Elles laissèrent d'abord Eric Ciotti s'exprimer, donnant vaguement son avis. Positif dans l'ensemble, excusant la prise de la réforme derrière le ''il fallait le faire''.

Gabriel ne suivait que très peu, entendant que d'une fine oreille ce qu'il pouvait dire.

Car, il redoutait la prise de parole de l'homme à côté de lui. Arriverait-il à ne pas laisser ses expressions le trahir ? Son coeur s'emballait à l'idée d'entendre si clairement sa voix, qu'il avait le regard perdu sur Eric qui continuait sa tangente.

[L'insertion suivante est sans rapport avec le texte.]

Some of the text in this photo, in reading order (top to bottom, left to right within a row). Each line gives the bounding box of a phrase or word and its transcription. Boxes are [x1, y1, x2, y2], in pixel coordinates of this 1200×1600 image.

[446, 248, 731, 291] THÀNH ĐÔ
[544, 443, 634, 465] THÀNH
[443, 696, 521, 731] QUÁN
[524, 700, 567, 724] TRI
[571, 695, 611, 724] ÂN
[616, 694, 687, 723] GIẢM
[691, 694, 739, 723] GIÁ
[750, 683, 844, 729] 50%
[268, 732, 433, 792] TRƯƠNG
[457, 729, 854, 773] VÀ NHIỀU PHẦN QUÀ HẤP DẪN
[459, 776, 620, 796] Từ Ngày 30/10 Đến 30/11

Puis, vint l'avis de Jordan.

Gabriel prit sa respiration, une grande respiration dès qu'il l'entendit prononcer le premier son. Il ne pouvait le regarder dans les yeux, alors il fixa ses mains, si expressives. 

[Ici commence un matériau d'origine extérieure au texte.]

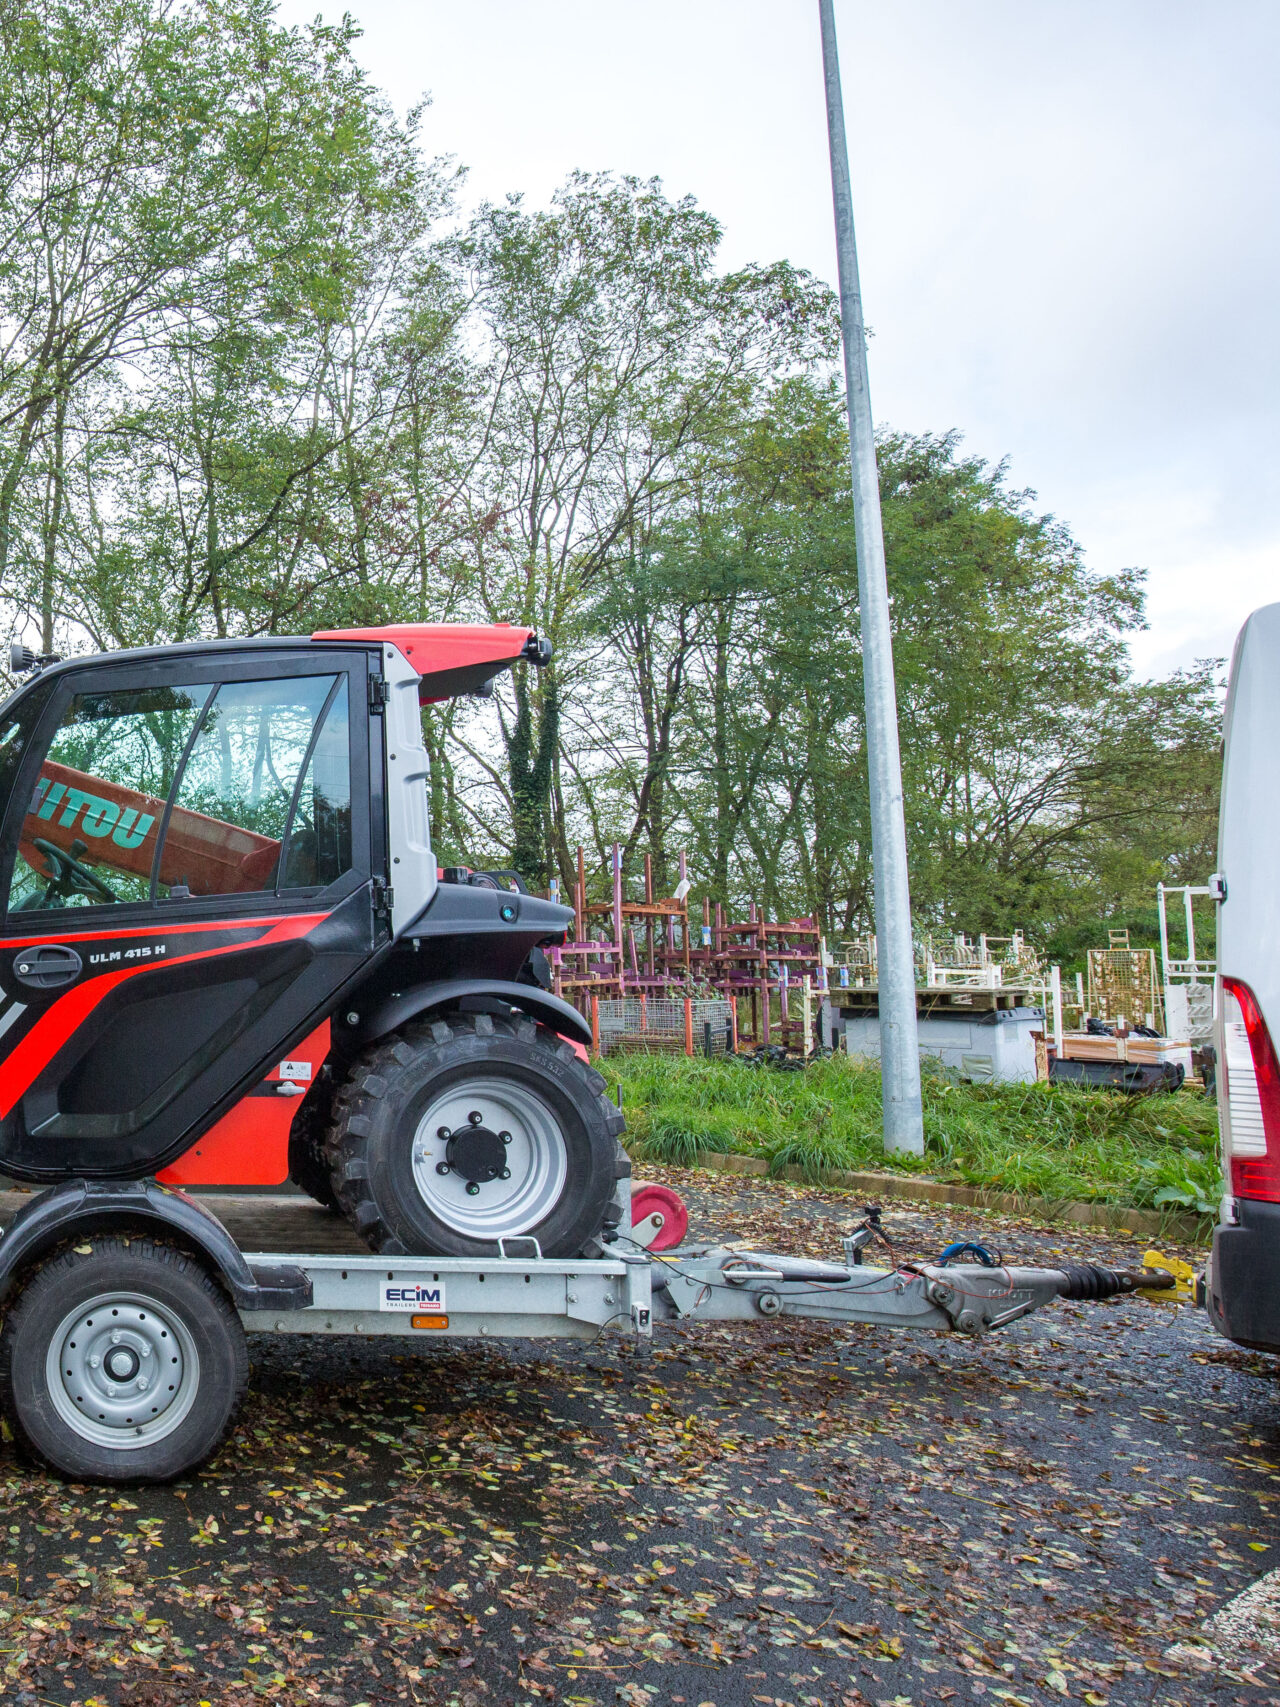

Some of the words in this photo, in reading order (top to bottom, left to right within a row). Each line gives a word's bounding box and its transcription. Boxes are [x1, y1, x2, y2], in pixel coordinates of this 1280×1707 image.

[89, 951, 121, 964] ULM
[124, 947, 152, 959] 415
[154, 945, 166, 955] H

Avant de vite se reprendre, de repenser au cadre, au lieu, au moment. Ce n'était pas le moment.

Mais, pourtant, même s'il se le répétait, il espérait tellement qu'il le fixe, qu'il lui sourisse, comme il y a des mois, durant leur énième débat.

Et pour autant, non, Jordan ne le fit pas. Pendant qu'il portait sa voix, donnait réponse, il ne rendait pas compte de la présence du trentenaire, il l'ignorait, du regard, du mouvement, des mains.

Et c'était douloureux. 

Gabriel gardait ses mains entrelacées, les serrant entre elles, discrètement. Parce qu'il ne pouvait pas craquer, ou s'en vouloir. C'était de sa faute. Tout cet espoir qu'il avait fait jaillir et qu'il avait ensuite détruit, c'était de sa faute.

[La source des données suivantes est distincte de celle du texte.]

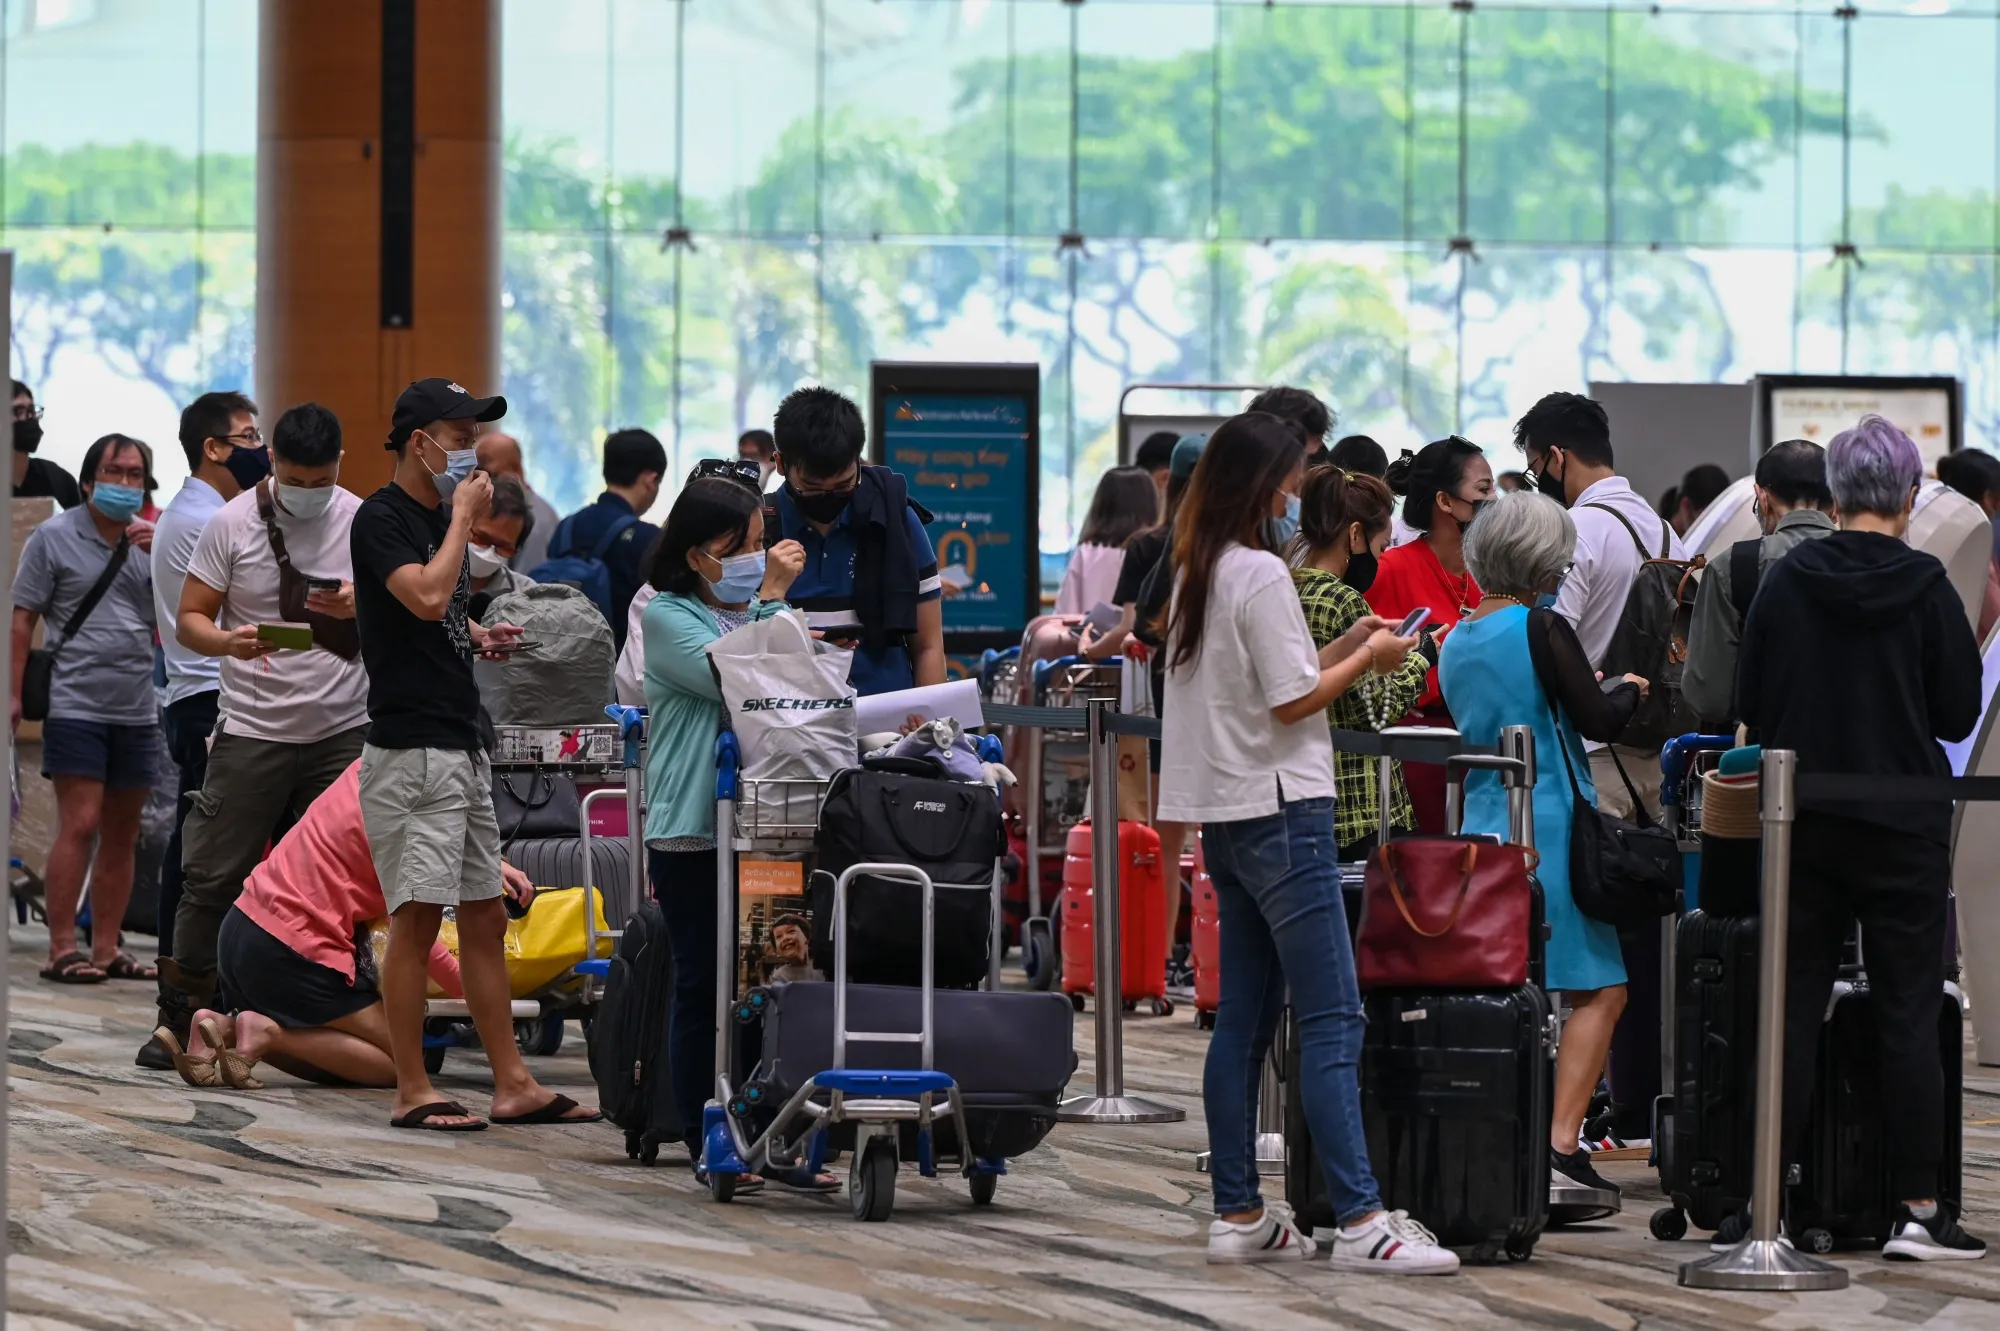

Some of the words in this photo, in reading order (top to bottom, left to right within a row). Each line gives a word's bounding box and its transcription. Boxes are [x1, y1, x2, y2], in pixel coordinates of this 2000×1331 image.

[741, 695, 853, 712] SKECHERS
[772, 869, 784, 877] the
[744, 879, 752, 887] of

Sa prise de parole semblait durer une éternité, il restait en apnée, attendant son heure, laissant Clémentine prendre la sienne.

Lorsque se fut son tour, il reprit sa posture, se crispant moins. Il savait qu'il devait faire le vide rapidement dans son esprit. Et il devait rendre des comptes.

Alors, il remercia, salua, et défendit les actions de leur première ministre. Mais, il entendit rapidement les voix de ses adversaires l'en empêcher, et c'était un comportement qu'il haïssait.

''Je ne vous ai pas interrompu, aucun d'entre vous.''

Il avait été ferme, il n'accepterait pas d'être coupé. 

Jordan souhaitait être professionnel, alors il le sera. Même si la situation le frustrait, même s'il se maudissait. 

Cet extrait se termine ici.